Taste of Sydney: A look into the Sydney food scene’s shift towards environmental responsibility

The success of paddock-to-the-plate restaurants at Taste of Sydney reflects Sydney’s growing interest in a sustainable food industry. The interest is a good thing, but the industry has a way to go before it can become properly sustainable. So what are some things that can change?

Taste of Sydney has been running strongly for eight years now. In that time, the event has grown into a reliable barometer of the changing trends in Sydney’s food scene. 


This year the focus was very much on paddock-to-the-plate restaurants – restaurants which are concerned not only with the quality of their ingredients but also where they came from, and their sustainability. 


Taste of Sydney’s paddock-to-the-plate representatives included 4Fourteen, 3 Blue Ducks, Biota Dining and Kitchen by Mike. 3 Blue Ducks, for example, is a self-sustainable restaurant, sourcing its ingredients from an attached 86-acre working farm. Mike McEarney is not only the head chef of Kitchen by Mike, but also the Creative Director of Carriagework’s Farmer’s Markets. 


Biota, of Sydney’s Southern Highlands, have been long heralded as a shining example of the paddock-to-the-plate movement, using only local and native ingredients. They enjoyed a roaring trade at the Taste of Sydney, selling out of their entire menu on the Friday night session. 


Above: Locally sourced prawns and corn from 3 Blue Ducks, and GreenMark cutlery

What we are beginning to see is a shift towards sustainability in Sydney’s food industry.  


But sustainability does not simply refer to agriculture. In order to be truly sustainable, the food industry must consider other factors such as transport and waste. 


With an event such as Taste of Sydney, the most likely cause of environmental damage is not the type of food served but the waste created by it. And most of the waste is made up of disposable plates, bowls and cutlery. 


That’s where GreenMark disposables come in. In order to tick every box in the paddock-to-the-plate philosophy, the food industry must make sure that food from sustainable paddocks is put onto equally sustainable plates. 




GreenMark’s sugarcane bagasse plate range being used to serve up seasonal food

GreenMark disposables are made from sugarcane bagasse, meaning that they are easily broken down and fully compostable. As such, the plates and bowls themselves can be disposed of along with food scraps and turned into compost at a commercial facility. 

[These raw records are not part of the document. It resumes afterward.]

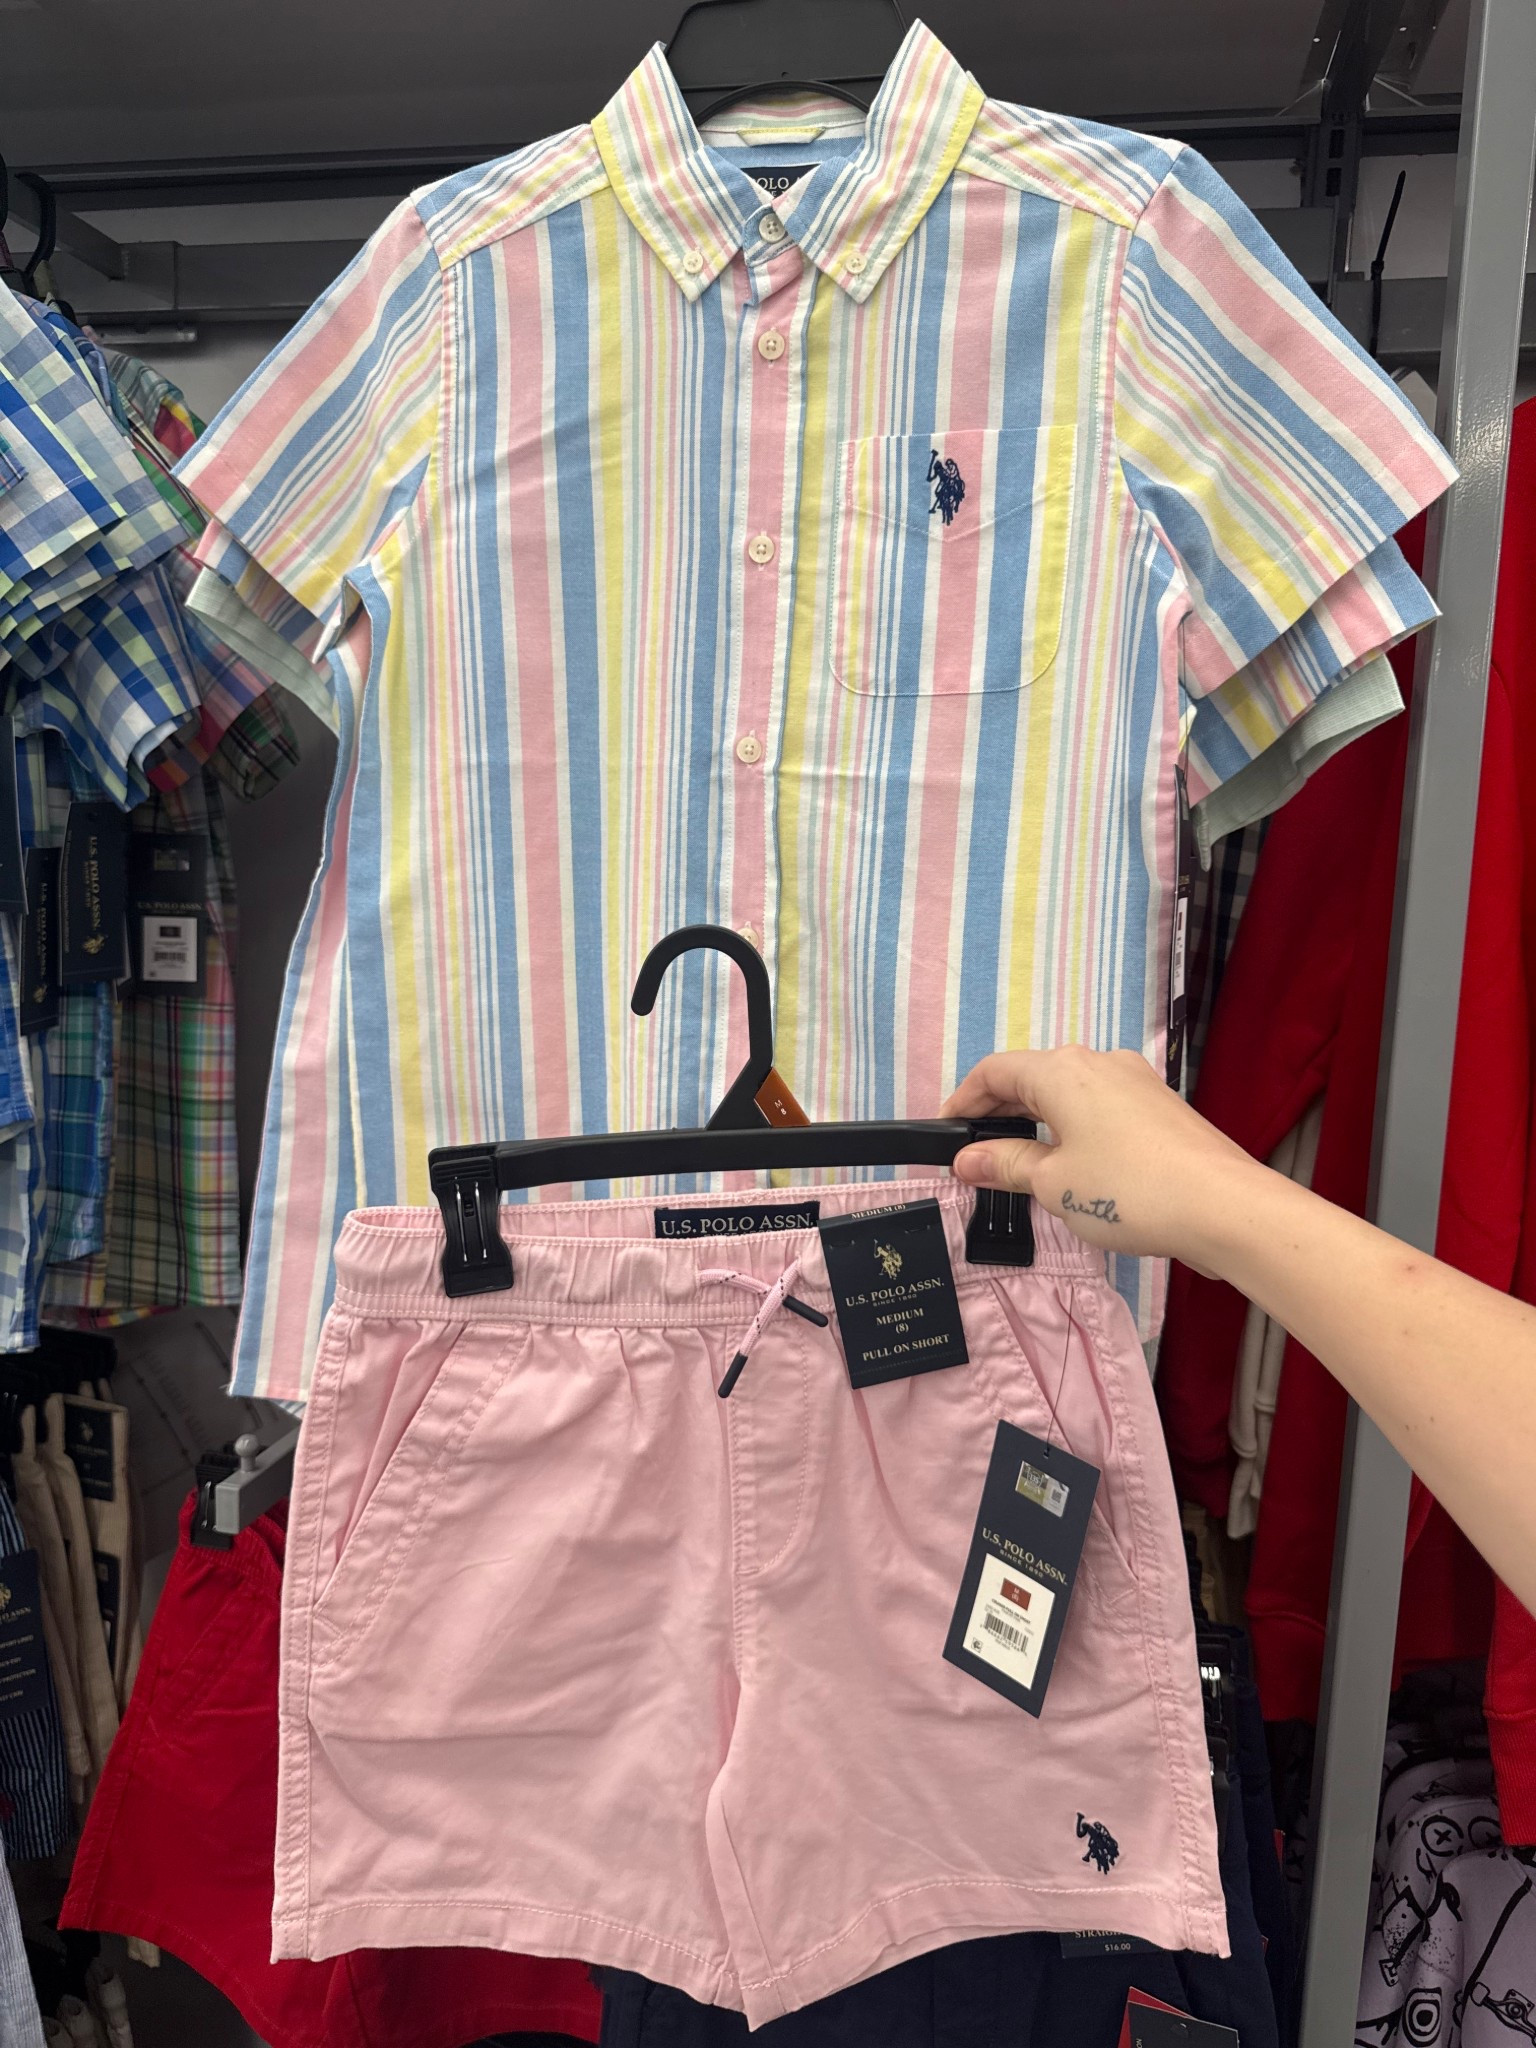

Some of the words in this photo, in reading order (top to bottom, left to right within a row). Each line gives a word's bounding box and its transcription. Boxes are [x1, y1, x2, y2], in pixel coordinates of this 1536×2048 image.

[757, 177, 789, 189] OLO
[852, 1207, 892, 1219] MEDIUM
[662, 1219, 696, 1236] U.S.
[700, 1216, 754, 1234] POLO
[760, 1212, 814, 1229] ASSN.
[846, 1294, 868, 1306] U.S.
[871, 1286, 905, 1301] POLO
[908, 1278, 944, 1293] ASSN.
[876, 1308, 924, 1325] MEDIUM
[896, 1323, 909, 1334] (8)
[862, 1348, 891, 1361] PULL
[894, 1342, 910, 1353] ON
[912, 1334, 949, 1349] SHORT
[983, 1528, 1001, 1546] U.S.
[1004, 1539, 1034, 1563] POLO
[1036, 1559, 1067, 1585] ASSN.
[1104, 1942, 1131, 1951] $16.00

But using GreenMark disposables not only results in less waste after their use. Just like the paddock-to-the-plate movement and the way it is concerned with sourcing sustainable ingredients, one must also consider the ingredients used to create food disposables, and whether those ingredients are sustainable. By utilizing annually renewable plant fibers, and agricultural waste such as bagasse, GreenMark ensures that this is the case. 


In addition to the sourcing renewable ingredients, GreenMark’s manufacturing process uses less energy and emits less pollution than those used for petroleum-based disposables. 


So this year’s Taste of Sydney showed promising signs of the food industry moving towards a more responsible, sustainable treatment of the environment. Not only by showcasing the finest paddock-to-the-plate restaurants and using locally sourced ingredients, but also by using sustainable products such as the GreenMark tableware range.   


If the food industry is going to build on these sustainable trends, it needs to take a leaf from Taste of Sydney’s menu and consider packaging as well as ingredient sourcing as a way of reducing our environmental impact.